Role of epigenetic mechanisms in inflammatory bowel disease

Abstract: Epigenetic mechanisms maintain gene expression states within a cell and through cellular generations and involve DNA methylation and chromatin changes, such as histone modifications. These mechanisms play roles in inflammatory processes. Here we review recent advances about what we know about their impact in inflammatory bowel disease (IBD). The incidence and prevalence of IBD have significantly increased in recent decades, establishing it as one of the most common gastrointestinal disorders. Lifestyle changes, including dietary factors, have been identified as potential contributors to this phenomenon. Although the heritability of IBD cannot be solely attributed to common genetic variants, their examination has shed light on the involvement of epigenetic and chromatin factors, such as DNMT3A and SP140, in the development of IBD. Studies focusing on SP140 have provided a paradigm by demonstrating the association between genetic alterations in this gene and changes in chromatin structure, gene expression, and the composition of the microbiome, ultimately resulting in abnormal inflammation.
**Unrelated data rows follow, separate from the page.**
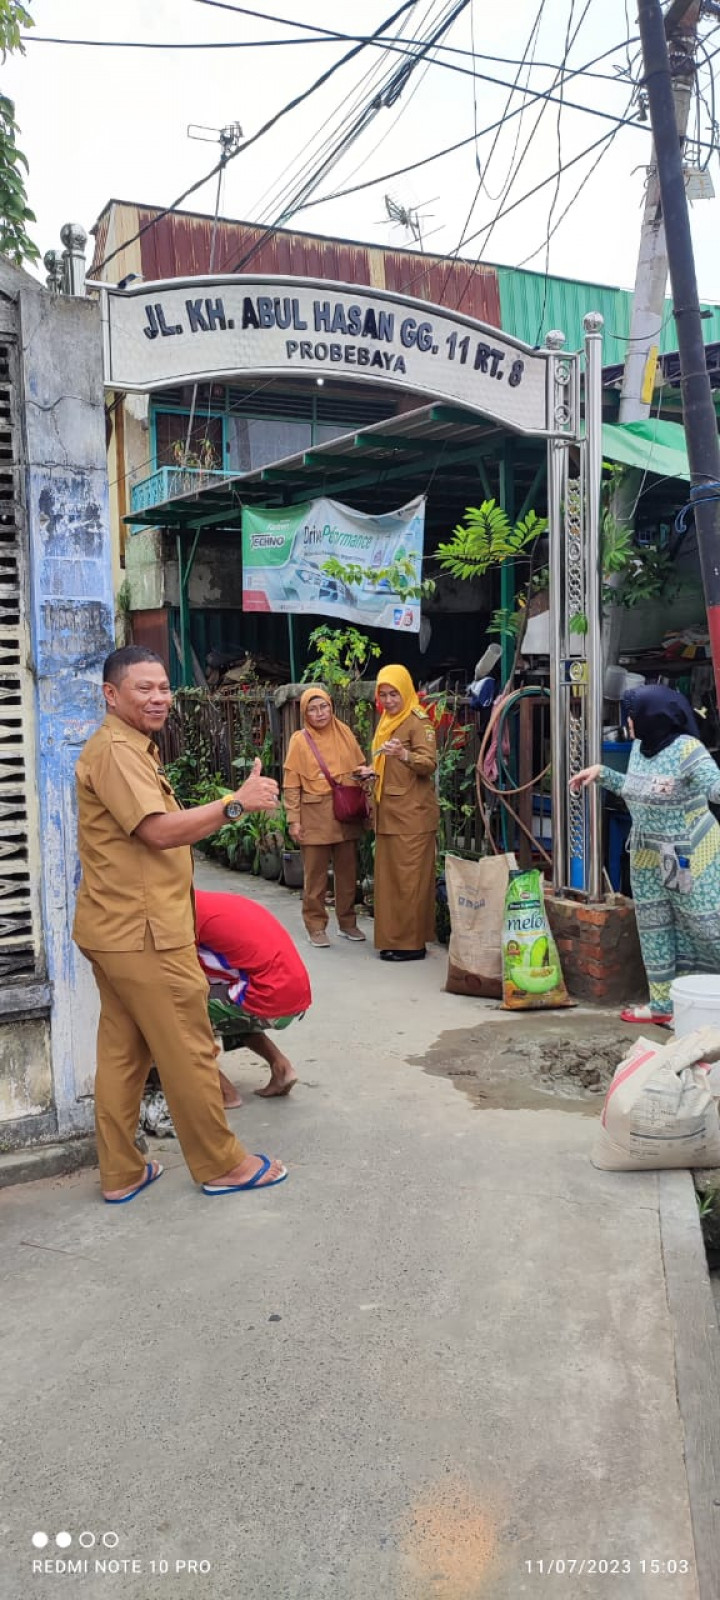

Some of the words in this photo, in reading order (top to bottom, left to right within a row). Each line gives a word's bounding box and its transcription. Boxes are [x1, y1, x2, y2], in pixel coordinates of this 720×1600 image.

[144, 303, 184, 340] JL.
[185, 298, 235, 333] KH.
[241, 296, 308, 330] ABUL
[314, 301, 394, 342] HASAN
[400, 317, 439, 354] GG.
[445, 332, 470, 364] 11
[473, 342, 505, 380] RT.
[508, 359, 525, 387] 8
[285, 339, 407, 374] PROBEBAYA
Genetic deletion coupled to experimental colitis studies in mice have highlighted roles of additional important factors linked to DNA methylation, MBD2 and UHRF1, and histone methylation, such as SETD2, in regulating the inflammatory processes in the gut. Further research is needed to investigate how environmental factors contribute to the predisposition of IBD through epigenetic mechanisms. This line of inquiry holds the potential to pave the way for new intervention strategies.